Konrad Nabel wurde am 23. Juli 1950 im heute zu Wolfenbüttel gehörenden Fümmelse geboren. Nach seinem Zivildienst und dem Studium der Erziehungswissenschaften und der Soziologie in Hamburg war er als Haupt- und Realschullehrer in Ahrensburg und Bargteheide tätig. Konrad Nabel war ein durch und durch politischer Mensch, der sich bereits früh engagierte, ab 1966 bei den Jungsozialisten, später dann in der SPD, der er mehr als 50 Jahre angehörte. Über Jahrzehnte hinweg gestaltete er die politische Arbeit der SPD im Kreis Stormarn, insbesondere die seines Ortsvereins Ahrensburg, dessen Vorsitzender er über viele Jahre war.
1987 zog Konrad Nabel erstmals in den SchleswigHolsteinischen Landtag ein, zunächst für ein knappes halbes Jahr als Nachrücker für den ausgeschiedenen späteren Landrat des Kreises Pinneberg, Berend Harms. Bei der Landtagswahl 1988 wurde Konrad Nabel erneut Mitglied des Landtages, dieses Mal als direkt gewählter Abgeordneter des Wahlkreises Ahrensburg. In den nun folgenden 21 Jahren seiner Parlamentszugehörigkeit von 1988 bis zum Ende der 16. Wahlperiode am 27. Oktober 2009 gehörte Konrad Nabel dem Eingabenausschuss und dem Sozialausschuss an. In der 14. und 15. Wahlperiode war er stellvertretender Fraktionsvorsitzender der SPD-Landtagsfraktion.
Für seine parlamentarische Arbeit und auch für ihn ganz persönlich prägend war jedoch sein Wirken im
Umwelt- beziehungsweise im Umwelt- und Agrarausschuss. Konrad Nabel war, das bleibt festzuhalten, über viele Jahre das Gesicht sozialdemokratischer Umweltpolitik in Schleswig-Holstein, ein entschiedener und furchtloser Streiter für den so wichtigen Erhalt unserer natürlichen Lebensgrundlagen, die Artenvielfalt und für soziale Gerechtigkeit. Konrad Nabel scheute, wo nötig, niemals davor zurück, um der guten Sache willen den Konflikt zu suchen, mit der politischen Konkurrenz, aber auch innerhalb der Koalition oder im eigenen Lager. Dies war die logische Konsequenz für einen Menschen, der auch in stürmischen Zeiten aufrecht, ja, unbeugsam blieb.

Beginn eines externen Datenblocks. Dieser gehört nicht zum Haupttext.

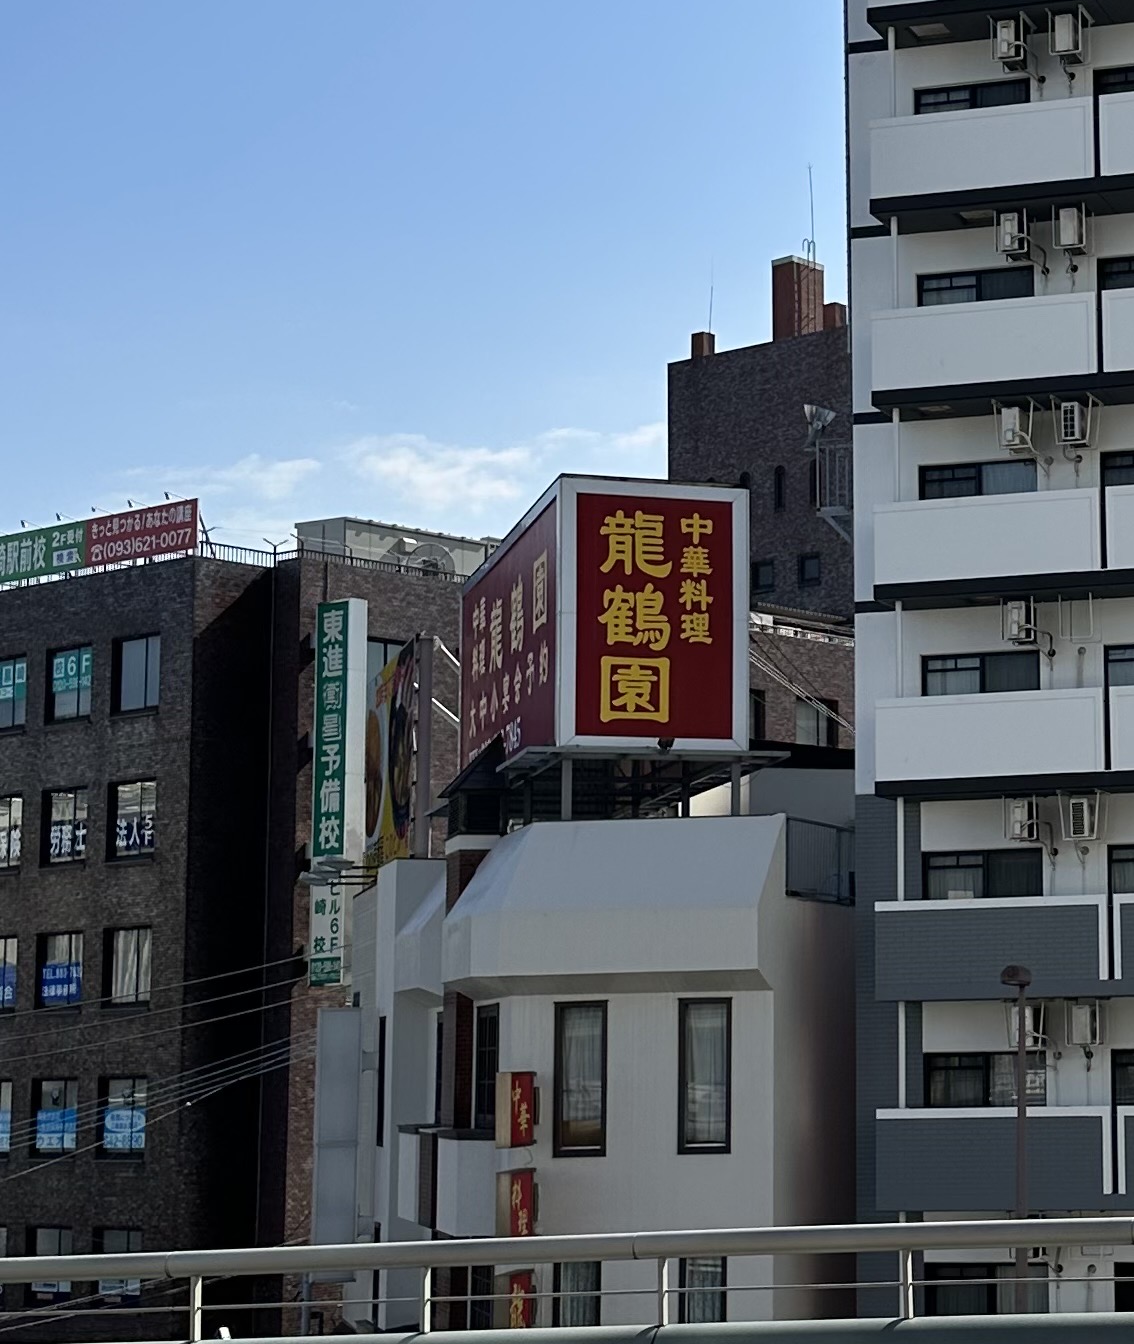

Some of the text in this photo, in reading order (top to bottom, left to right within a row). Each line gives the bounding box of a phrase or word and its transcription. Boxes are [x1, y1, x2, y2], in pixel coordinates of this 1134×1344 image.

[104, 528, 192, 560] (093)621-0077
[679, 513, 714, 645] 中華料理
[489, 548, 548, 674] 龍鶴園
[598, 510, 673, 723] 龍鶴園
[319, 609, 344, 850] 東進衛星予備校
[511, 1080, 530, 1137] 中華

Das Motto der Schleswig-Holsteinischen SPD „links, dickschädelig und frei“ entsprach voll und ganz der Lebenseinstellung Konrad Nabels, der Bestehendes immer wieder hinterfragte, der auf Veränderungen und Modernisierung drängte und stets ungeduldig zum Aufbruch in die Zukunft aufforderte. Das bleibende Vermächtnis Konrad Nabels, der auch Vorstandsvorsitzender der Stiftung Naturschutz Schleswig-Holstein war, blüht und gedeiht heute im wahrsten Sinne des Wortes an vielen Stellen unseres Landes, nicht nur auf dem Stiftungsland, sondern auch überall da, wo seit Jahren ein moderner und erfolgreicher Naturschutz und Artenschutz gelingt.

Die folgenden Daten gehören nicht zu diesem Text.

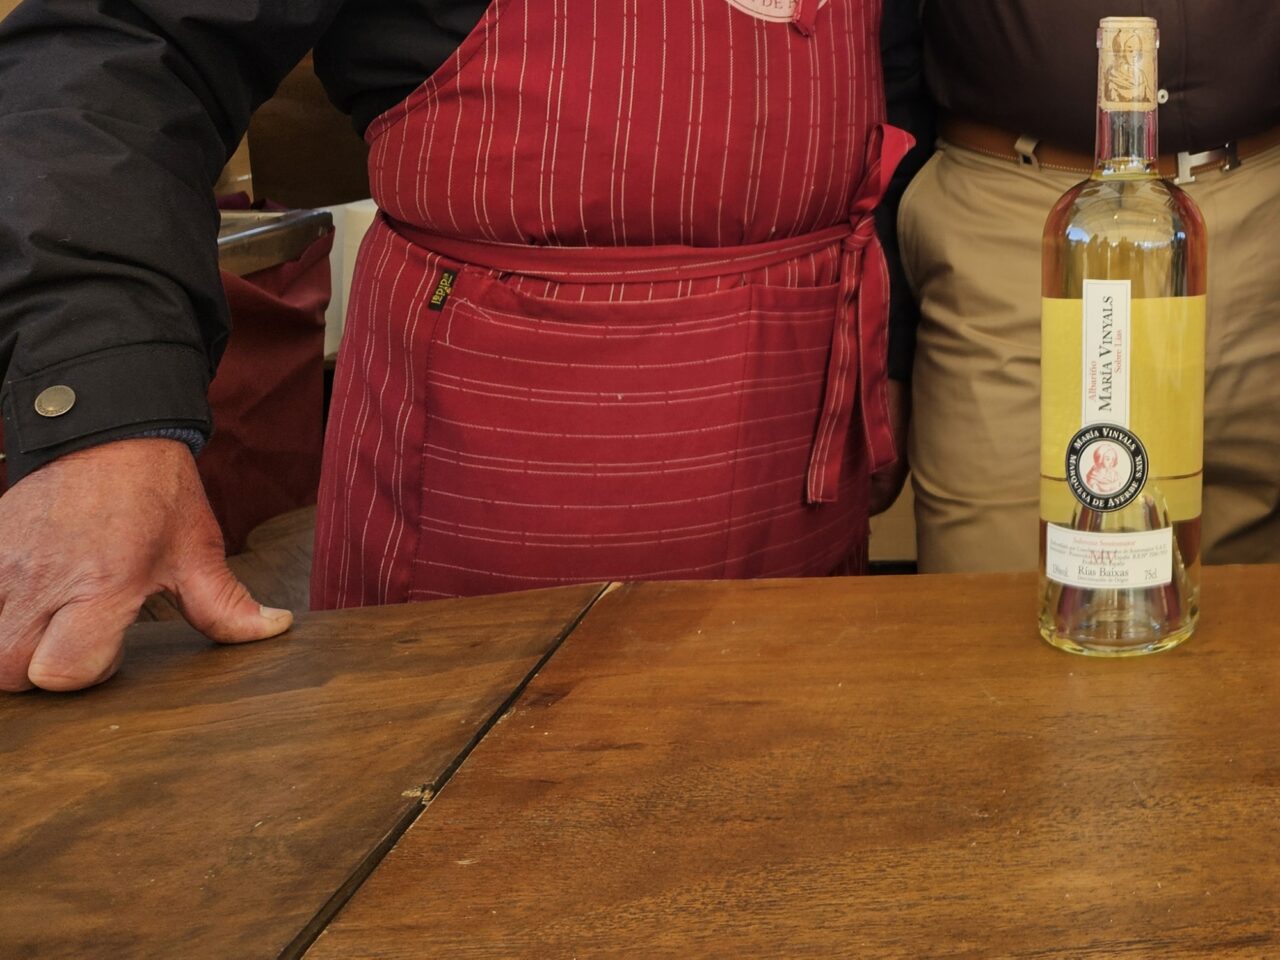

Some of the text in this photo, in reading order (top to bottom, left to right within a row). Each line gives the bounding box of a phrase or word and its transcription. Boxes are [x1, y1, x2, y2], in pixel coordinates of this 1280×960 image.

[1098, 295, 1113, 412] MARÍA VINYALS
[1114, 349, 1122, 374] Sobre
[1073, 427, 1137, 451] MARÍA VINYALS
[1069, 454, 1091, 503] MARQUESA
[1092, 498, 1105, 507] DE
[1107, 480, 1139, 507] AYERBE
[1099, 566, 1129, 577] Baixas
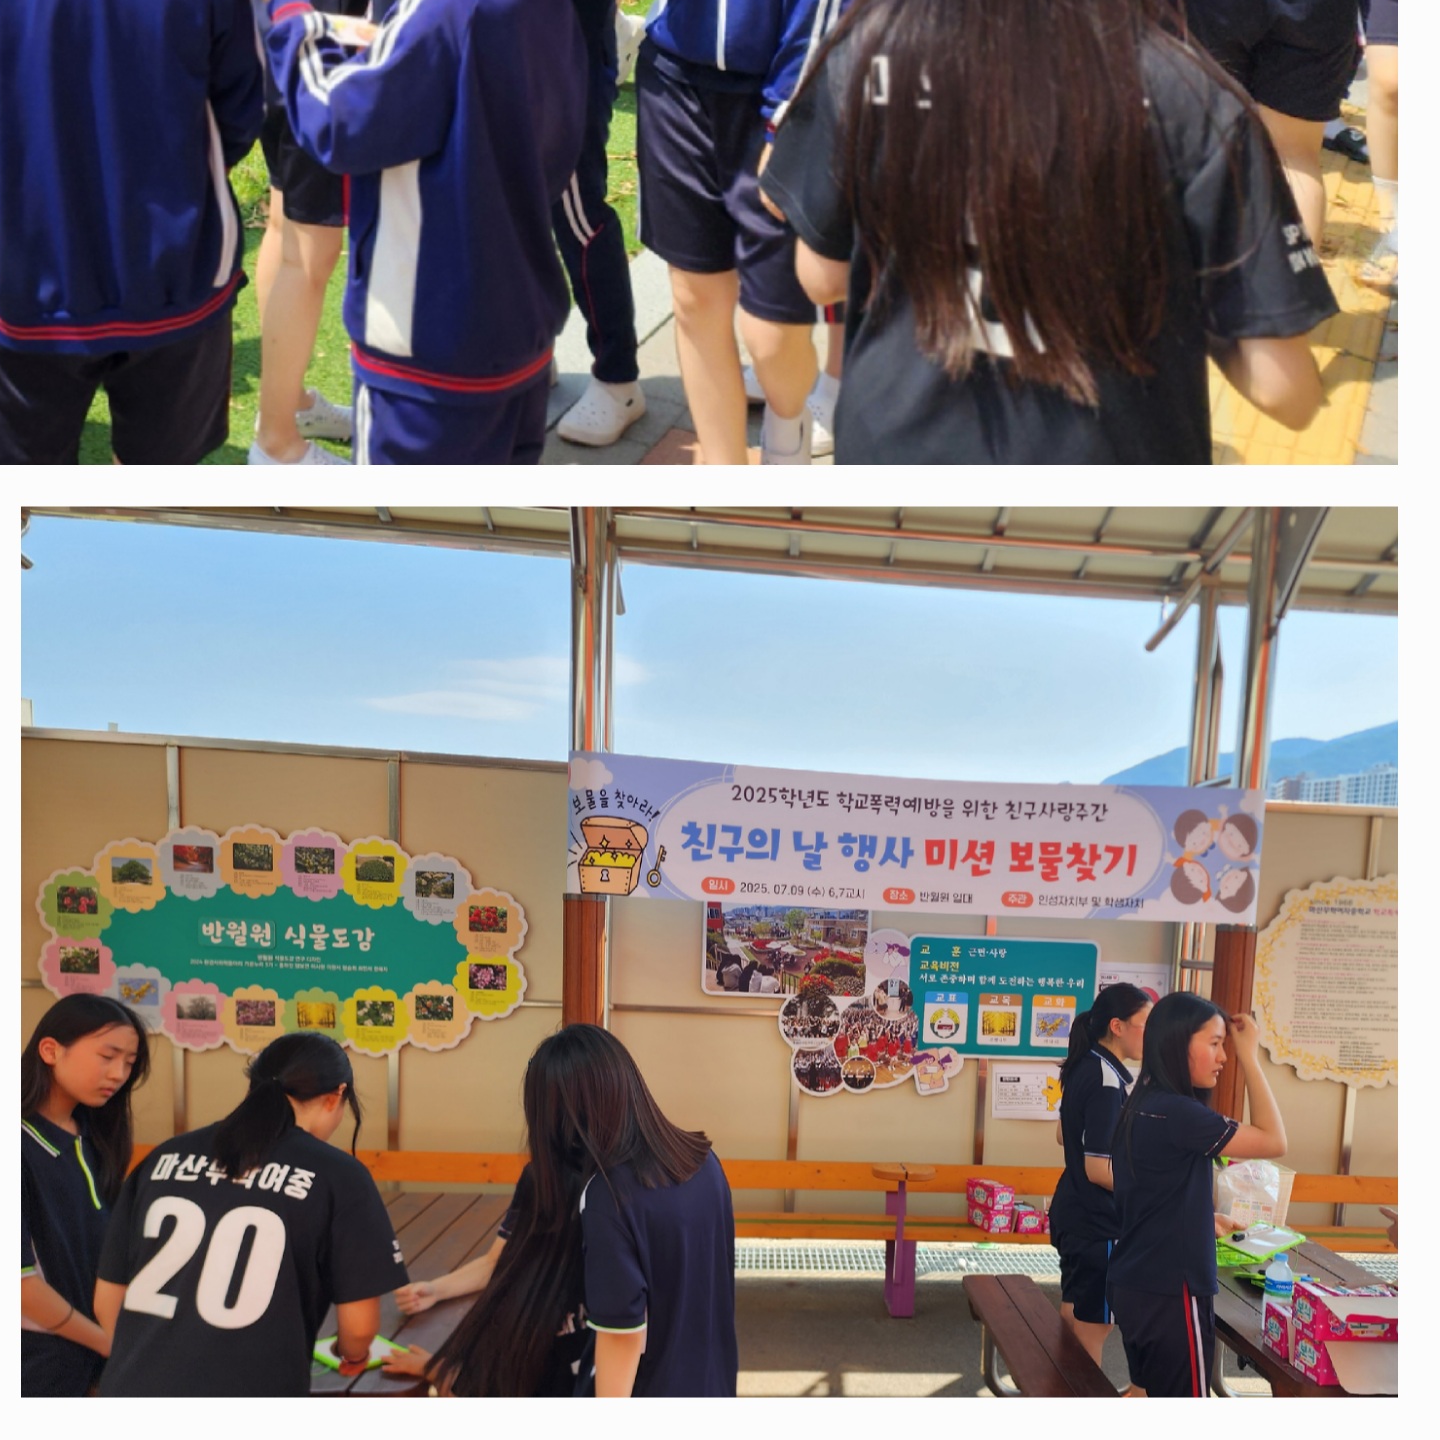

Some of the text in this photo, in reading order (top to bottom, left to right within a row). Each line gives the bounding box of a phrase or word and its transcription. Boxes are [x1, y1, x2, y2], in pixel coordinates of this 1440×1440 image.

[572, 788, 660, 823] 보물을 찾아라!
[731, 784, 1109, 823] 2025학년도 학교폭력예방을 위한 친구사랑주간
[681, 821, 1137, 883] 친구의 날 행사 미션 보물찾기
[707, 879, 1144, 909] 일시 2025. 07.09 (수) 6,7교시 장소 반월원 일대 주관 인성자치부 및 학생자치
[202, 920, 375, 952] 반월원 식물도감
[919, 973, 1085, 989] 서로 존중하며 함께 도전하는 행복한 우리
[920, 960, 959, 972] 교육비전
[124, 1195, 286, 1329] 20

Meine Damen und Herren, der Schleswig-Holsteinische Landtag trauert um Konrad Nabel und ist dankbar für die von ihm geleistete Arbeit. Wir werden ihm stets ein ehrendes Andenken bewahren. Unsere Anteilnahme gilt seinen Angehörigen, insbesondere seiner Frau und seinen Töchtern. Ich bitte Sie, einen Moment innezuhalten im Gedenken an den früheren Abgeordneten Konrad Nabel. - Sie haben sich zu Ehren Konrad Nabels erhoben. Ich danke Ihnen.
Meine Damen und Herren, bevor wir wieder in die Tagesordnung eintreten, möchte ich dem Minister und Abgeordneten Claus Christian Claussen herzlich zum Geburtstag gratulieren und ihm alles Gute für das neue Lebensjahr wünschen.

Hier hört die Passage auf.